I knew that Peter Jackson was making a three-part, 8 hour series incorporating never-before-seen Beatles clips, but I didn’t realize that it’s already out. Yes, it’s on Disney+, but who cares. I’ve liked everything that Jackson directed, and this movie most resembled “They Shall Not Grow Old,” which was great.
The YouTube notes (there’s also a Wikipedia article which gives the episodes and more information):
Made entirely from never-before-seen, restored footage, it provides the most intimate and honest glimpse into the creative process and relationship between John, Paul, George, and Ringo ever filmed. Be sure to check them both out, and don’t forget to watch “The Beatles: Get Back” when it rolls out over three days, November 25, 26, and 27, 2021, exclusively on Disney+.
Directed by three-time Oscar®-winning filmmaker Peter Jackson (“The Lord of the Rings” trilogy, “They Shall Not Grow Old”), “The Beatles: Get Back” takes audiences back in time to the band’s January 1969 recording sessions, which became a pivotal moment in music history. The docuseries showcases The Beatles’ creative process as they attempt to write 14 new songs in preparation for their first live concert in over two years. Faced with a nearly impossible deadline, the strong bonds of friendship shared by John Lennon, Paul McCartney, George Harrison, and Ringo Starr are put to the test. The docuseries is compiled from nearly 60 hours of unseen footage shot over 21 days, directed by Michael Lindsay-Hogg in 1969, and from more than 150 hours of unheard audio, most of which has been locked in a vault for over half a century. Jackson is the only person in 50 years to have been given access to this Beatles treasure trove, all of which has now been brilliantly restored. What emerges is an unbelievably intimate portrait of The Beatles, showing how, with their backs against the wall, they could still rely on their friendship, good humor, and creative genius. While plans derail and relationships are put to the test, some of the world’s most iconic songs are composed and performed. The docuseries features – for the first time in its entirety – The Beatles’ last live performance as a group, the unforgettable rooftop concert on London’s Savile Row, as well as other songs and classic compositions featured on the band’s final two albums, Abbey Road and Let It Be.
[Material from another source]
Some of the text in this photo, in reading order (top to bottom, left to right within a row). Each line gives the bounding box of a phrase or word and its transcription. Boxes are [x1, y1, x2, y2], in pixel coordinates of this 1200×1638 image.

It took Jackson four years to edit the material. Wikipedia adds, “It was created with cooperation from Paul McCartney, Ringo Starr and the widows of John Lennon (Yoko Ono) and George Harrison (Olivia Harrison), as well as music supervisor Giles Martin (son of George Martin and a regular producer of Beatles projects since 2006). In a news release, McCartney said: “I am really happy that Peter has delved into our archives to make a film that shows the truth about the Beatles recording together”, while Starr echoed: “There was hours and hours of us just laughing and playing music, not at all like the Let It Be film that came out [in 1970]. There was a lot of joy and I think Peter will show that.”
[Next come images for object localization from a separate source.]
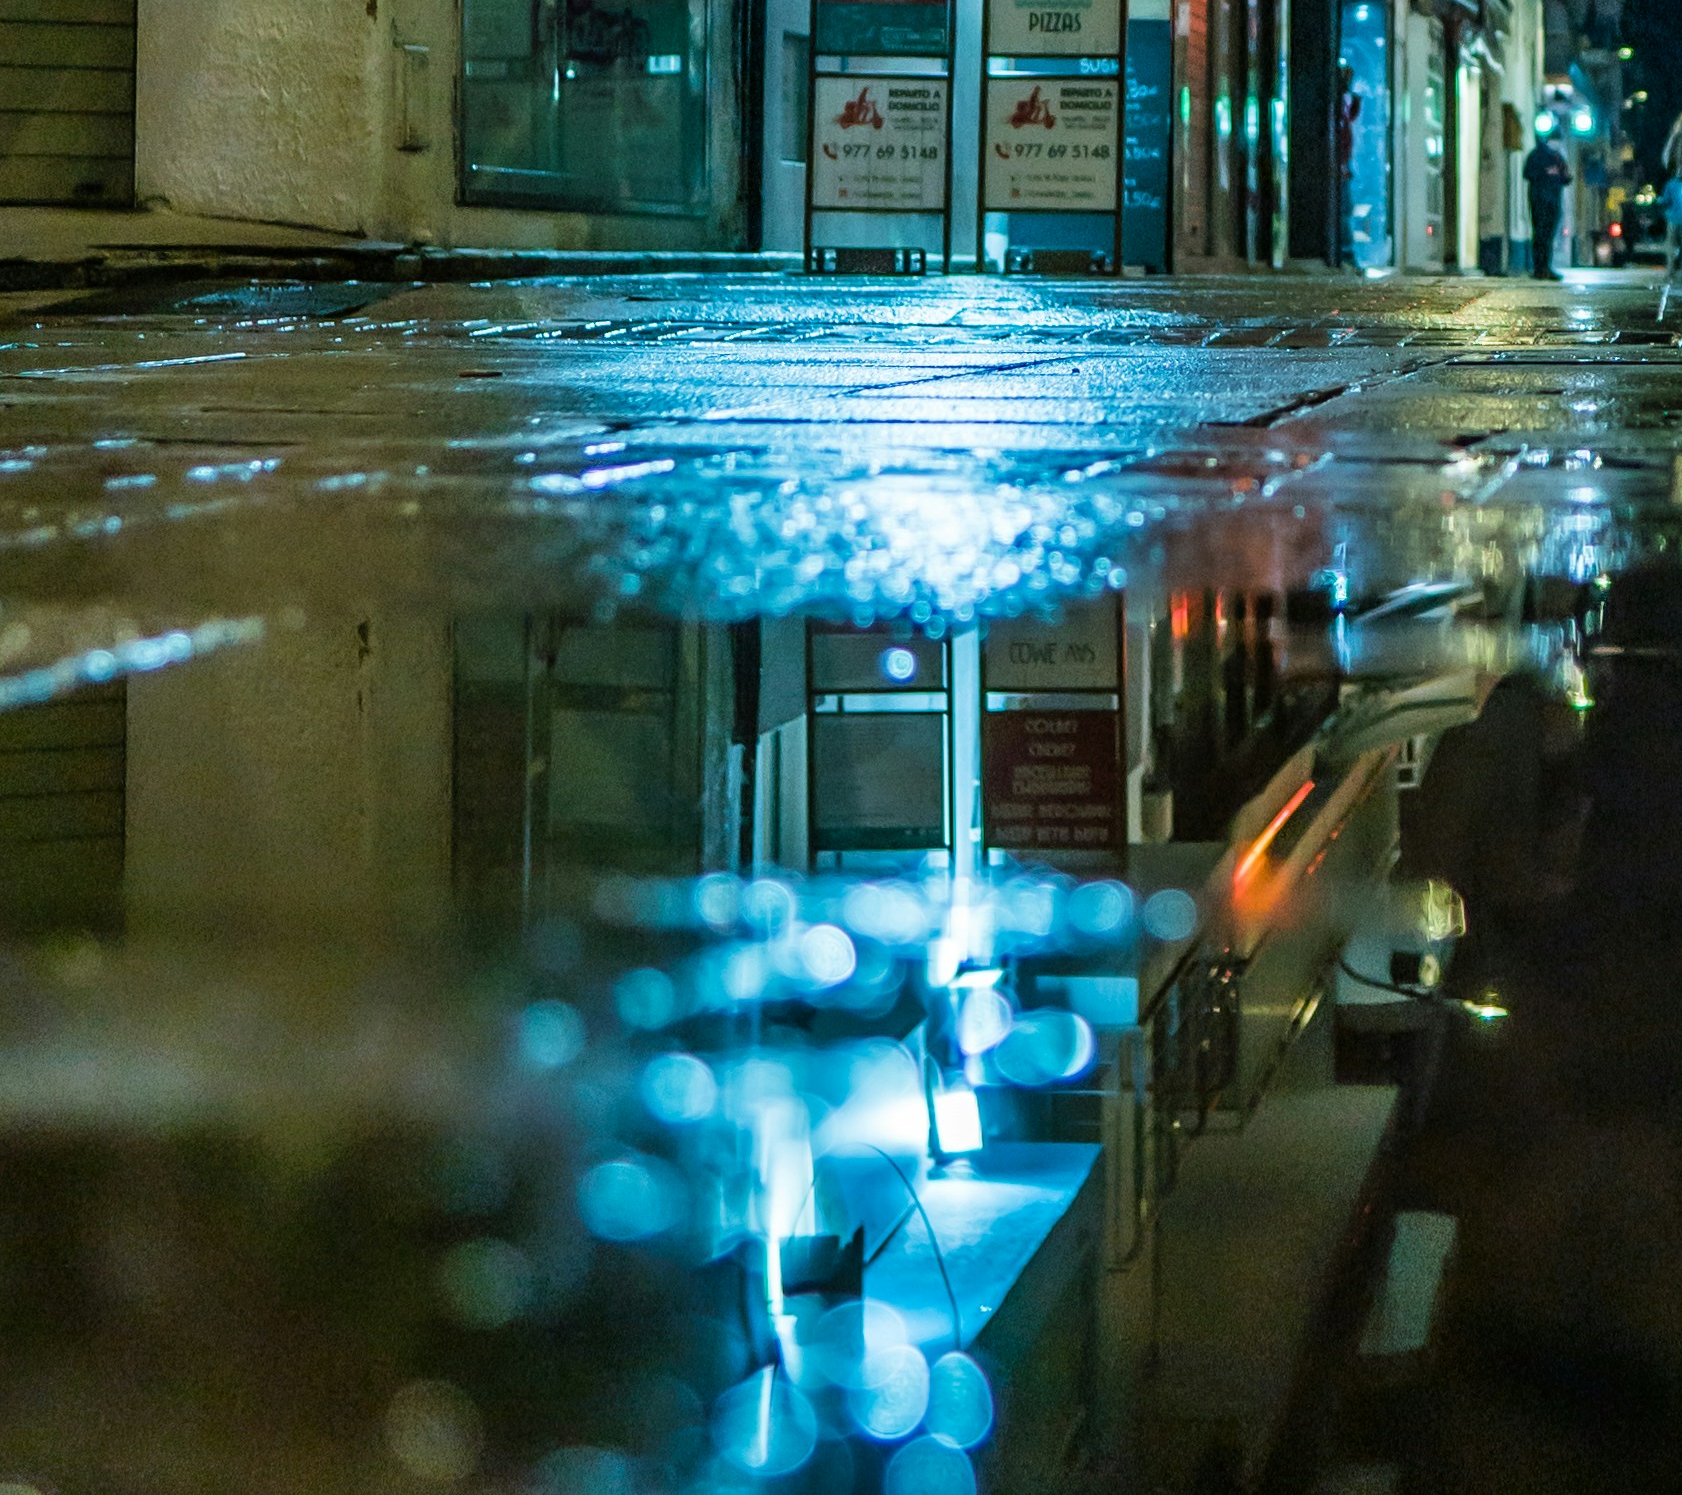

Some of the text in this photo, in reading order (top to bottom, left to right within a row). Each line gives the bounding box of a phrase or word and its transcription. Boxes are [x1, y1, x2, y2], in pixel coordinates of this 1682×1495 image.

[1028, 11, 1082, 32] PIZZAS
[842, 144, 938, 160] 977 69 5148
[1014, 143, 1043, 158] 977
[1047, 144, 1067, 159] 69
[1071, 145, 1111, 160] 5148
I found three short clips from the series on YouTube, which, since I’m a big Beatles fans, really whets my appetite to see the series. The first one seems to be when George Harrison introduces the song “I Me Mine” to the group:
Rehearsal of “Something in the Way She Moves”. And yes, Yoko is sitting there, and Linda McCartney is taking photos. I don’t think I’ve ever seen the band rehearse, but it’s lovely.
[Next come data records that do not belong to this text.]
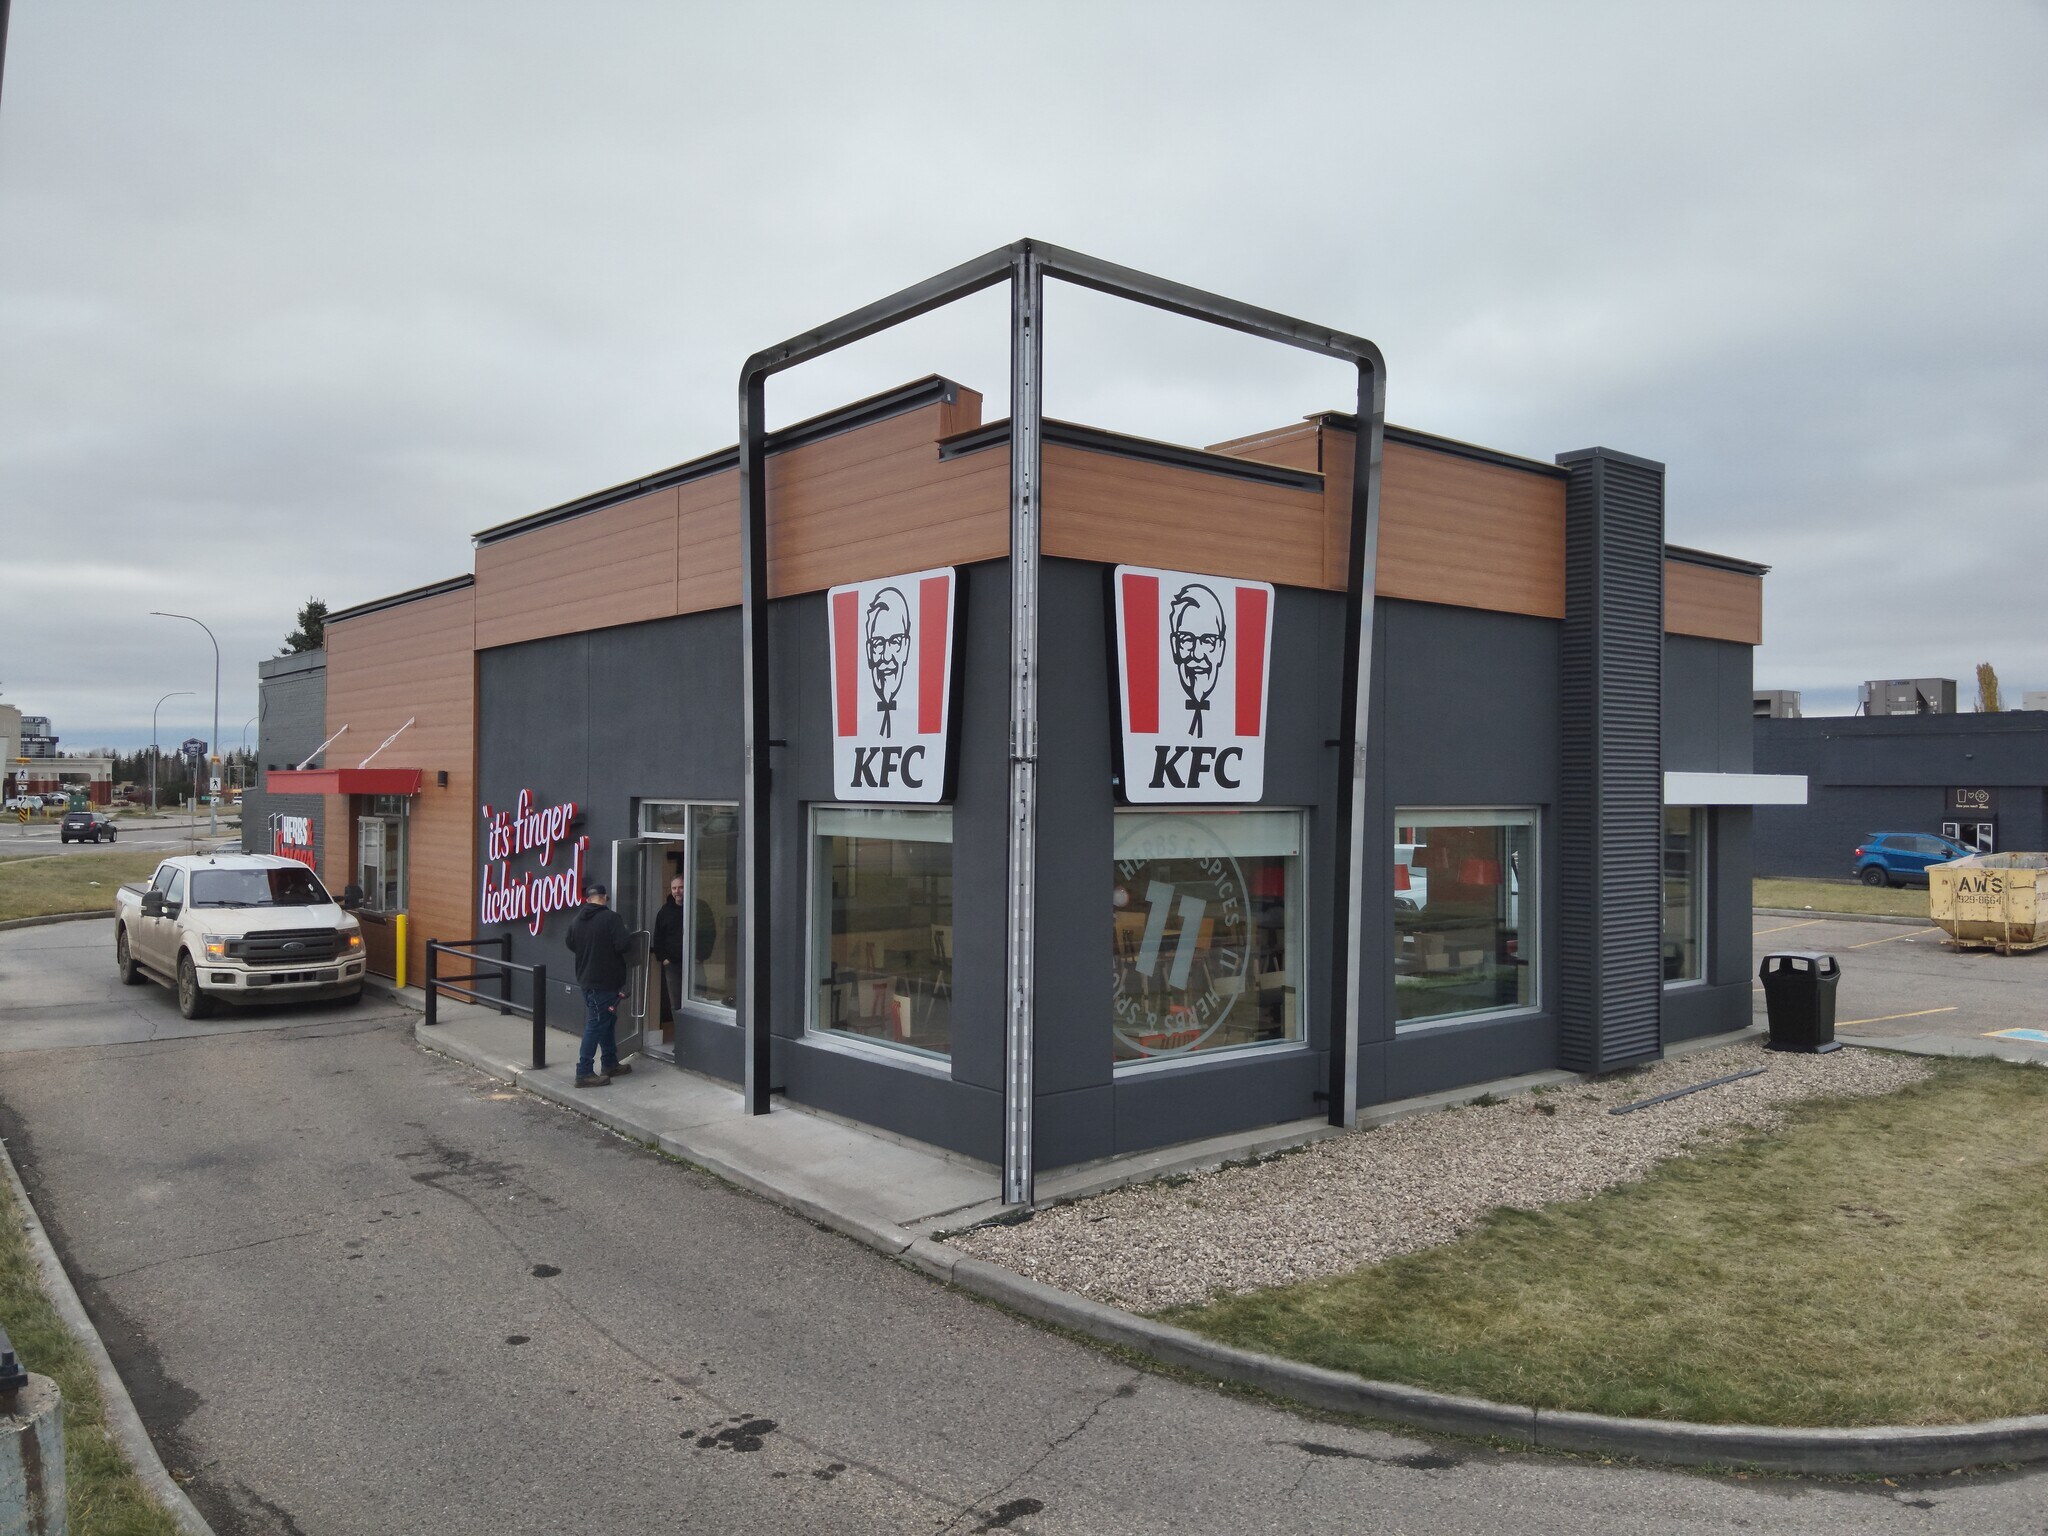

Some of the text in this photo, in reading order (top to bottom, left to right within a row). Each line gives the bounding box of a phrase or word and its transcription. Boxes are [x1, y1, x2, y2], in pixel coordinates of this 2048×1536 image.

[850, 745, 925, 788] KFC
[1148, 745, 1242, 789] KFC
[283, 816, 314, 847] HERBS &
[513, 788, 578, 867] finger
[1184, 838, 1196, 860] &
[1118, 833, 1178, 881] HERBS
[481, 860, 532, 924] lickin'
[1200, 848, 1240, 928] SPICES
[1958, 876, 2003, 893] AWS
[1134, 879, 1207, 991] 11
[1164, 986, 1221, 1037] HERBS
Rehearsal of “Don’t Let Me Down” with Billy Preston on the keyboard.
If anybody’s seen it, please report below.
It’s no secret that I think the Beatles are by far the best rock group that ever was, and ever will be. They could write everything from love songs to hard rockers, and nearly all of it was superb. What rock song today is the equal of “A Day in the Life”, or “In My Life”, or “Blackbird”, or “Strawberry Fields Forever”, not to mention “Yesterday”. (Well, there’s “Octopus’s Garden” and “Maxwell’s Silver Hammer,” but I prefer to think of them as mutations.)
It’s unimaginable to me that such talent could come together more than once, and that, combined with the demise of the genre, means that this is the apogee of rock music.